Quine: "there are two types of people, interested in philosophy, those interested in philosophy, and those interested in history of philosophy" (MacIntry 1984, p39)

Witt: " As little philosophy as I have read, I have certaintly not read too little, rather too much. Whenever I read a philosophical book, it doesn't improve my thoughts at all, it makes them worse" (Wittgenstein: the duty of genius p 496)

This is just the tip of the iceberg: see other collected anecdotes in Glock 2008.

But are they right? What is the role of history in philosophy? Yes, we need to know of our direct forebearers, but certainly we know more than, say, Plato or Aristotle about many things, right? As with many things in philosophy this is itself contentious. I will sketch out 3 positions roughly according to Glock 2008, which explores your particular line of thought in detail.

a) strong historicism: philosophy is essentially historical- it is a study of ideas and the social conditions that gave rise to those ideas.
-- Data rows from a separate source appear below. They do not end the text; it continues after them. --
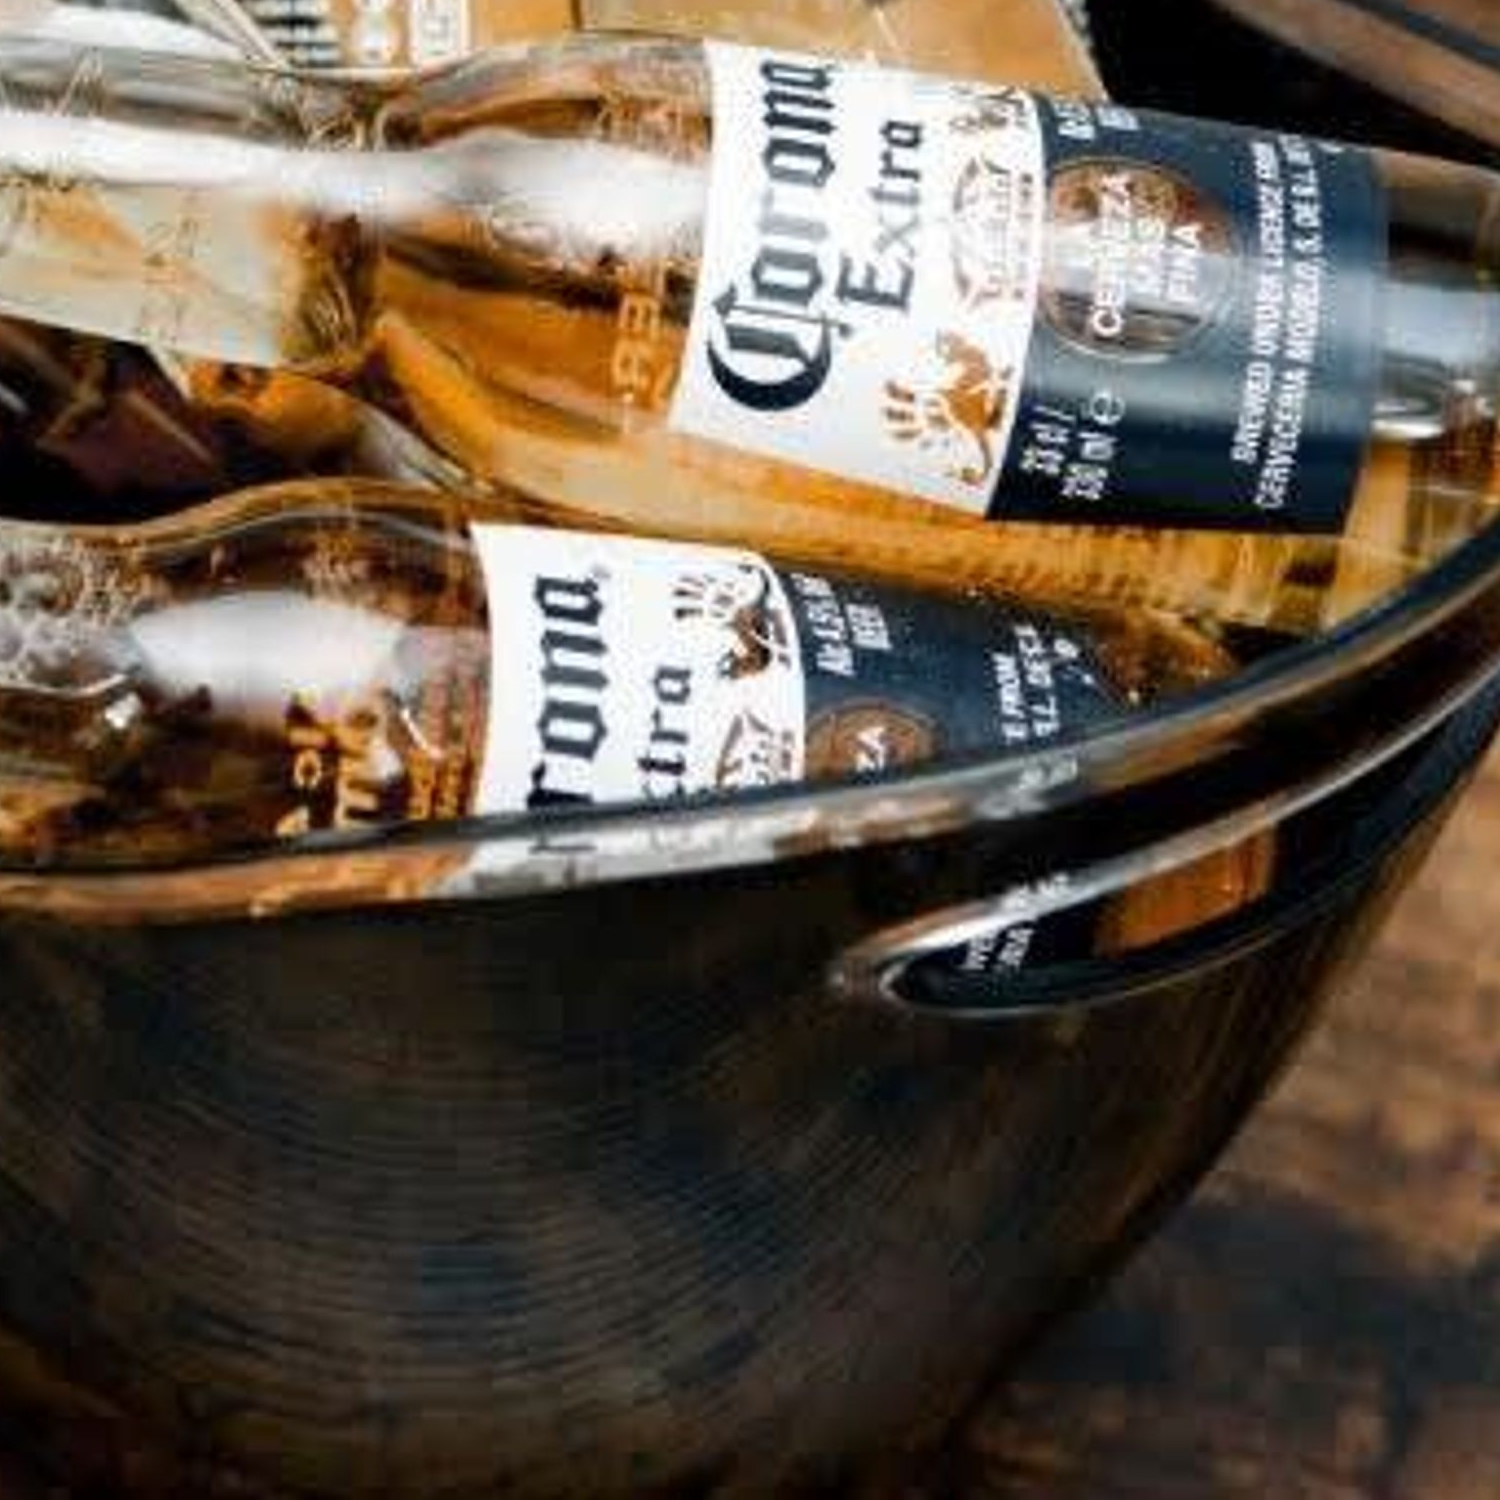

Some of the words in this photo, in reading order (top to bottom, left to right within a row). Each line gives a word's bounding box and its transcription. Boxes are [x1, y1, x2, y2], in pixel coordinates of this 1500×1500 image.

[705, 60, 852, 413] Corona
[835, 119, 925, 312] Extra
[1230, 361, 1274, 466] BREWED
[526, 574, 611, 810] rona
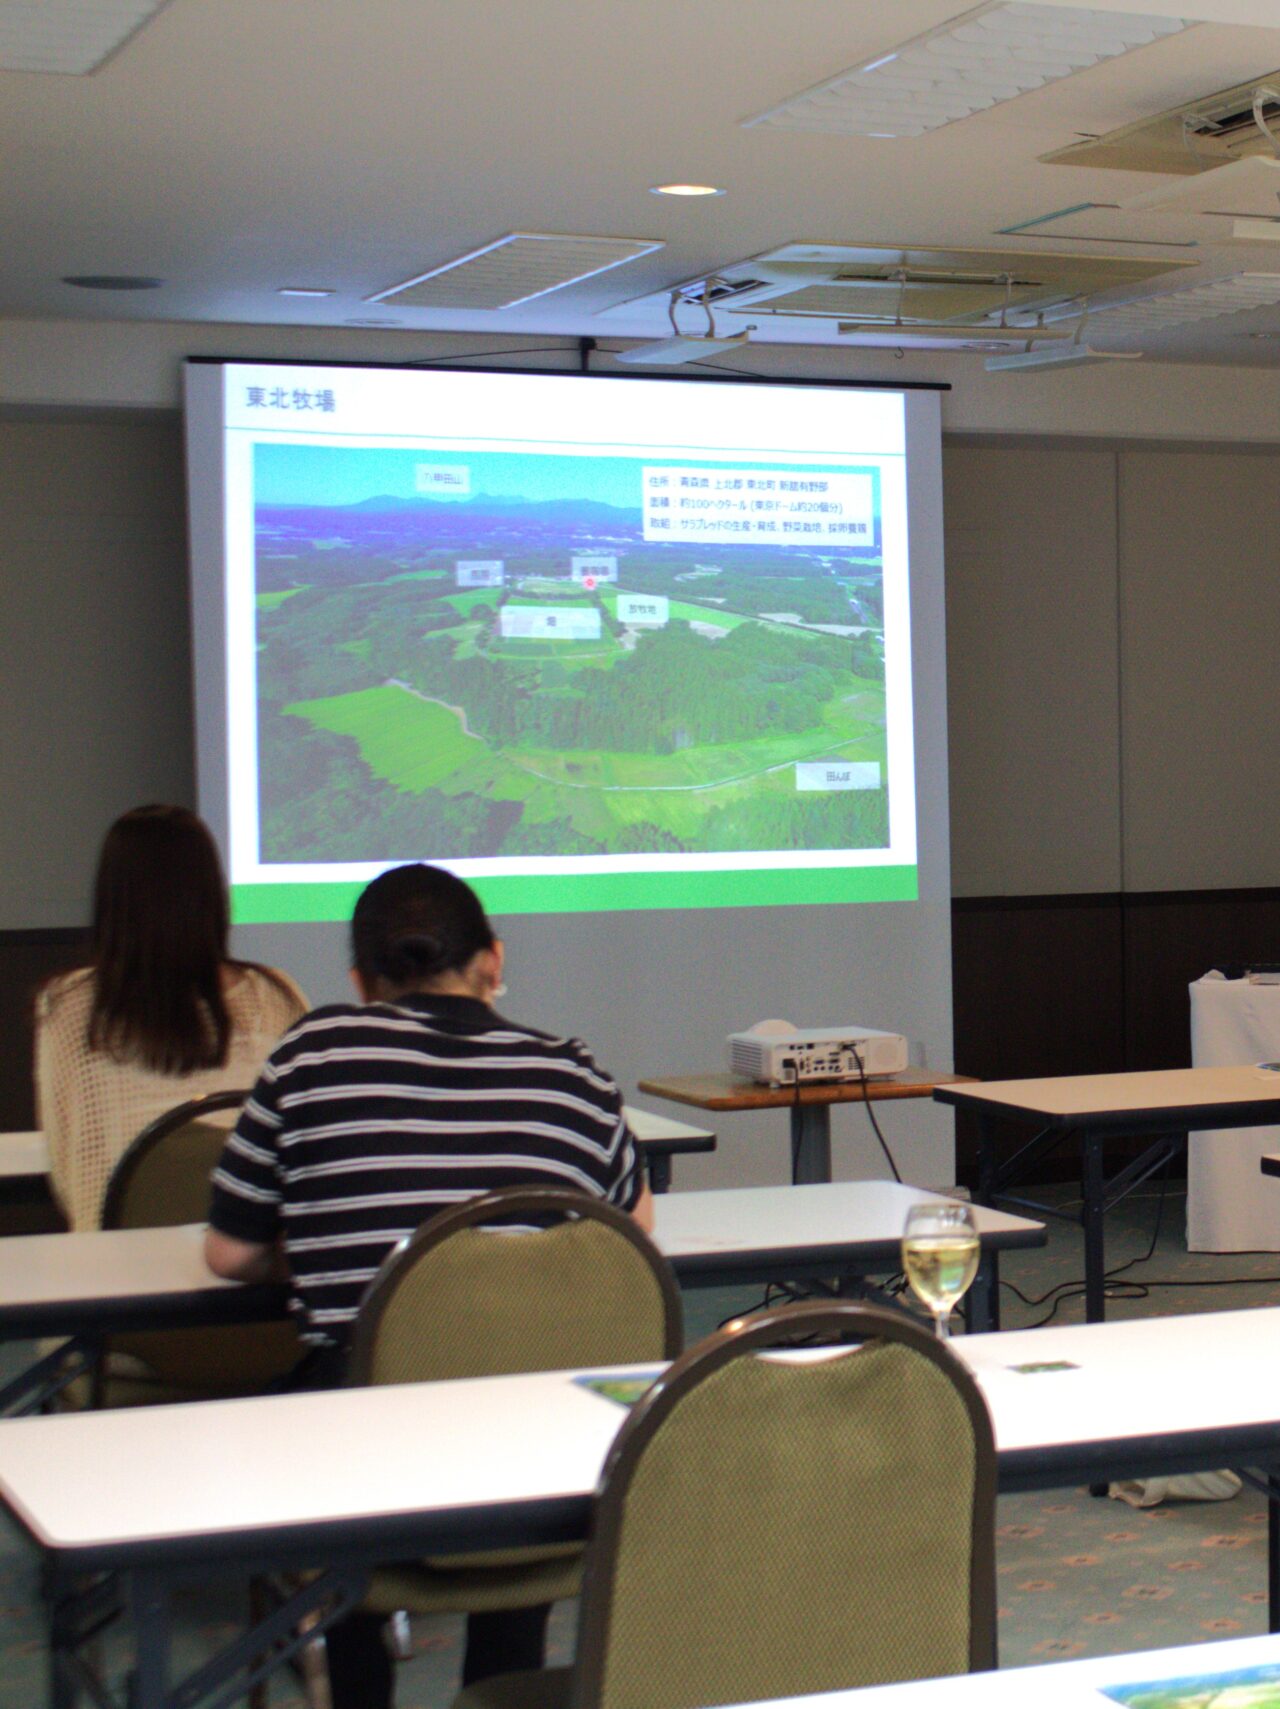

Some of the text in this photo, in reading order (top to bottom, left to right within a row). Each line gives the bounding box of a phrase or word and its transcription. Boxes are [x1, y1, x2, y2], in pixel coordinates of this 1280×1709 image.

[245, 386, 336, 413] 東北牧場
[714, 477, 744, 490] 上北郡
[747, 479, 776, 491] 東北町
Such a view is not new- here is Kant's prologomena: "There are scholarly men, to whom the history of philosophy (both ancient and modern) is philosophy itself; for these the present Prolegomena are not written." such conceptions often view philosophy as a hermenutical discipline (Gadamer 1960). Of course, it must explain why many of the great dead did not themselves hold this view.

b) moderate historicism: historical studies are useful or perhaps indispensible. This is a large umbrella of views, but here is one example in which philosophy is a discipline concerned with a priori knowledge. As such, "its problems, methods, and theories are not simply overtaken by empirical progress" and "the community of ideas relevant to our contemporary philosophical concerns are not exhausted by our contemporaries".

c) naturalism: philosophy is a continuouation of the natural sciences. Glock actually distinguishes a subset of this position as historophobia, which is mostly a prop, but perhaps felt from the above anecdotes. Thus, as with science, philosophers need not begin their training with history but with modern theories and problems. Nor should philosophers hesistate to be critical of older theories, or even start from scratch if the need is so felt.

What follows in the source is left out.